Notably, a 15% initial penalty and an additional 100% penalty — if not corrected in a timely manner — apply to prohibited transactions engaged in by persons other than an IRA owner or their beneficiaries, as well as when prohibited transactions occur with other types of retirement accounts such as qualified plans.

IRC Section 4975(c)(1)(D) states that a prohibited transaction occurs when there is a “transfer to, or use by or for the benefit of, a disqualified person of the income or assets of a plan.” In the context of direct-owned real estate, this means that an IRA owner cannot use IRA-owned real estate for personal use, nor for that matter can any other disqualified persons, as outlined above.

And unfortunately, there is no de minimis exception to the personal use rule. Consequently, any personal use by an IRA owner or by other disqualified persons constitutes a prohibited transaction.

Example No. 1: Homer is a 55-year-old IRA owner. Several years ago, Homer used his IRA to purchase an apartment building in Cleveland, Ohio, which he regularly rents to travelers via online websites. Homer’s daughter, Lisa, was recently accepted to Harvard, and Homer plans to drive her to campus for her first semester.

Conveniently, Cleveland is located at roughly the midway point between Homer’s home in Springfield, Illinois, and the Harvard campus.
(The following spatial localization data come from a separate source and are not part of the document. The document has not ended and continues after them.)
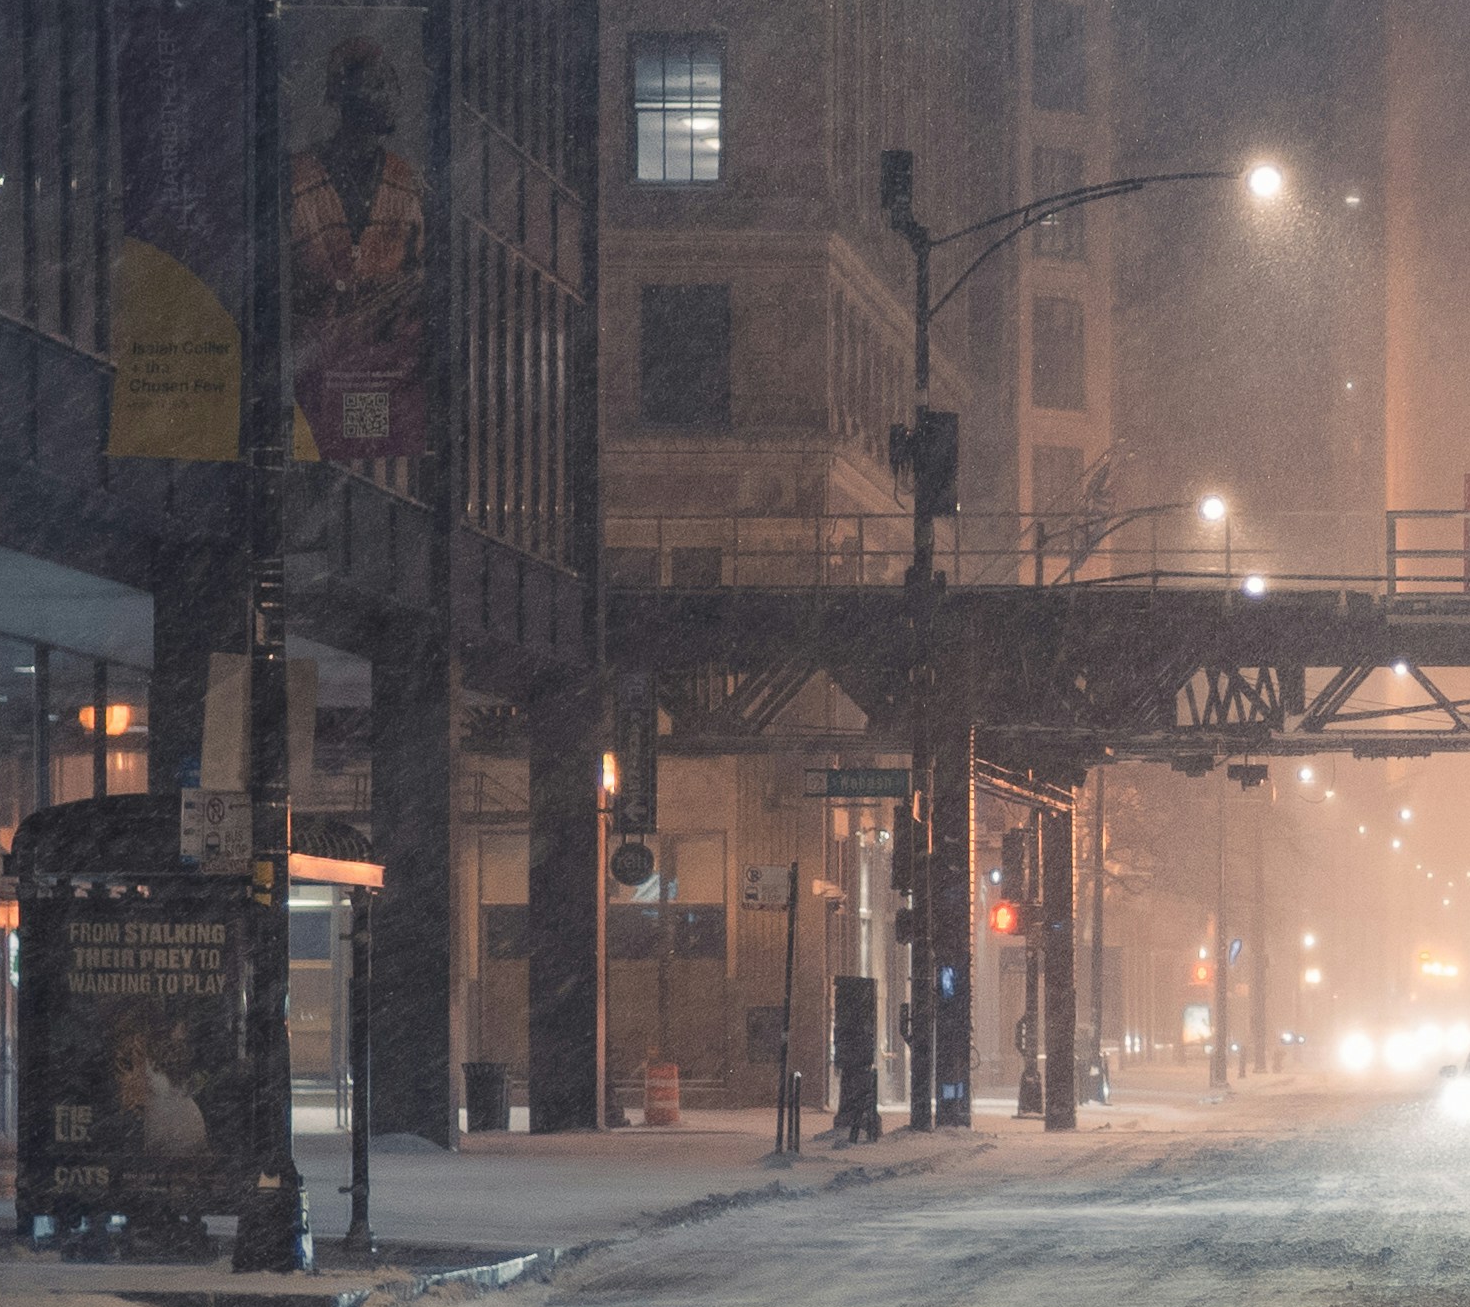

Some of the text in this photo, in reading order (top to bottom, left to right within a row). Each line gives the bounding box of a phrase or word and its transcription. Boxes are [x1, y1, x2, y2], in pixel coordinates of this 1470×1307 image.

[132, 342, 178, 355] Isaiah
[193, 379, 226, 394] Few
[69, 922, 226, 945] FROM STALKING
[74, 948, 220, 969] THEIR PREY TO
[68, 973, 227, 994] WANTING TO PLAY
[53, 1165, 110, 1187] CATS
With that in mind, he is considering spending the night at his IRA-owned Cleveland apartment on his way to Cambridge.

Yet the moment Homer crosses the threshold of the front door to the apartment to stay for the night, he has used the assets of his IRA for his personal benefit. As result, a prohibited transaction has occurred, and Homer’s entire IRA will be deemed distributed as of January 1 of the year. (D’oh!)

Similar to the rules that prevent use of an IRA-owned asset by an IRA owner and/or other disqualified persons, IRC Section 4975(c)(1) prevents the “sale or exchange, or leasing, of any property” between an IRA-owed asset and an IRA owner and/or other disqualified persons. This restriction is absolute and makes no distinction between sales or leases conveyed at a discount versus those at fair market value. In other words, even if the IRA owner does a transaction with their IRA at a fair market rate, it is still prohibited.

Example No. 2: Sandy is a 65-year-old IRA owner who, 15 years ago, used his IRA funds to purchase a vacation home in Key West, Florida. Via his IRA, he currently rents the house out a rate of $5,000 per month.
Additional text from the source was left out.